Thursday, June 16, 2016

What do you do with old photos?

Binders circa 1930
My mother asked, “What will you do with all my photographs when I’m gone?”

Being her smart aleck kid, I said, “They’re going with you.”

The joke’s on me, though. After sorting through a small fraction of inventory during her move from house to apartment, I developed a sentimental attachment to quite a few.

The problem is she has several large plastic bins filled with family photos. I don’t know how she collected so many, because I don't recall ever seeing her with camera in hand. My brother thinks digitizing them is the answer. I don’t know if it’s worth the trouble and, even if it was, would we really be able to throw away the old prints?

This is more than a philosophical question for me. I printed my first black & white photos in a small science-class darkroom in junior high. In high school, I converted a closet into a part-time darkroom and continued printing there. For a few years, I worked for a pharmaceutical giant as a photographic specialist. There I furthered my skills printing photographs used, in those pre-PowerPoint days, in business presentations and also for product publicity and scientific test results. One perk of the job was the freedom to print my own work as well.
A recent and rare sighting: 35 mm film on store shelves.

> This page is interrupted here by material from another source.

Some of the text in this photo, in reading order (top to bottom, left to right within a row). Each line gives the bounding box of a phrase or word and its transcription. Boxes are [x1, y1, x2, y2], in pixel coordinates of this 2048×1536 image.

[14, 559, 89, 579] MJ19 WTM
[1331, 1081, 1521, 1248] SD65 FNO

Now I have a walk-in closet packed with slides, contact sheets, negative sleeves, and prints, prints, and more prints. Compounding the problem (or the riches) is the fact my husband is an avid photographer, and so we also have boxes of prints cataloguing his early years of documenting events for family and friends. If it weren’t for digital photography, we would have had to build an addition years ago to hold our growing collection of images.

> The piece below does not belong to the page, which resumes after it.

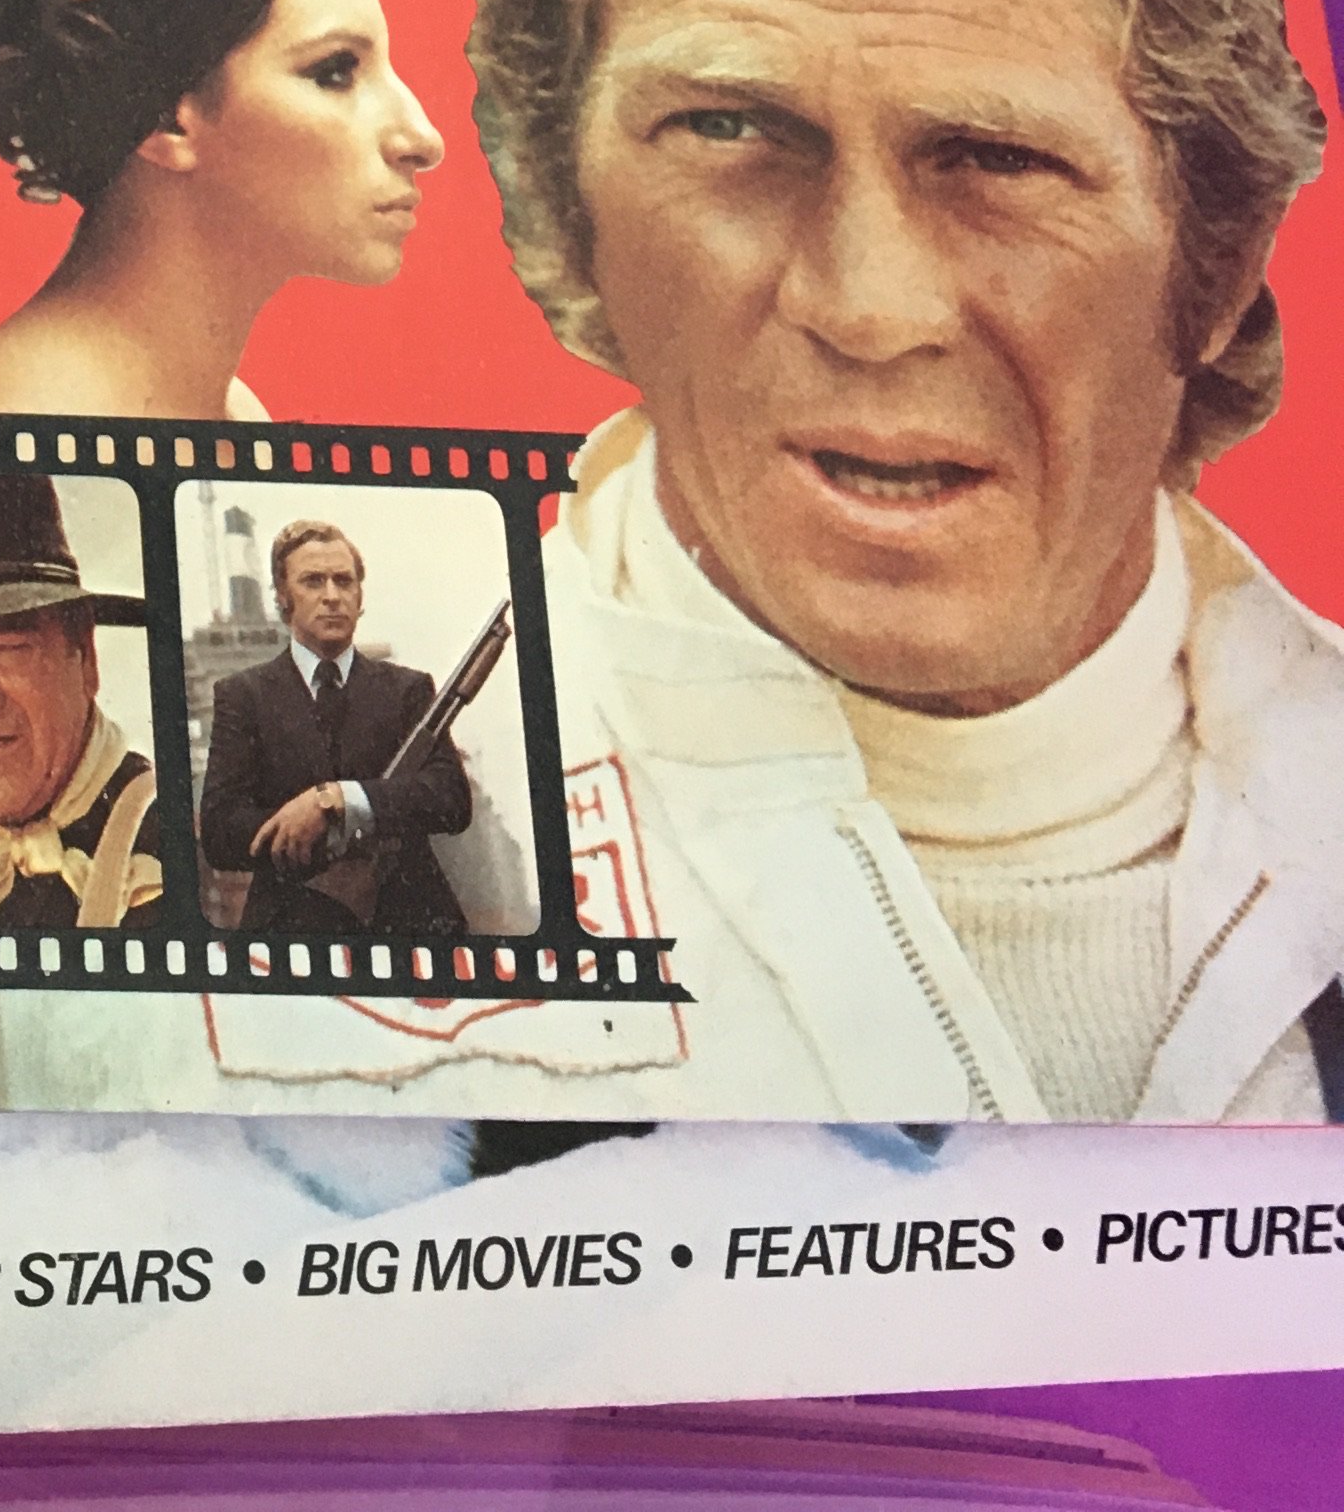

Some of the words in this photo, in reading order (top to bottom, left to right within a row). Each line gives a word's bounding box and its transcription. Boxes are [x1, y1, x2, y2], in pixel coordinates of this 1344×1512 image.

Lately, I’ve taken to giving old photos to the people who are in them. I don’t know if I’m doing them any favors, as most focus on how young they used to look 20, 25, even 30 years ago. Seems no one likes to be reminded about time marching on.

And so my closet shelves will continue to groan under the weight of boxes of memories of years past, barely lightened by the few photos I manage to give away. If I can avoid adding to the stockpile, and not inherit my mother’s stash of photographs, I will consider myself a very, very lucky girl.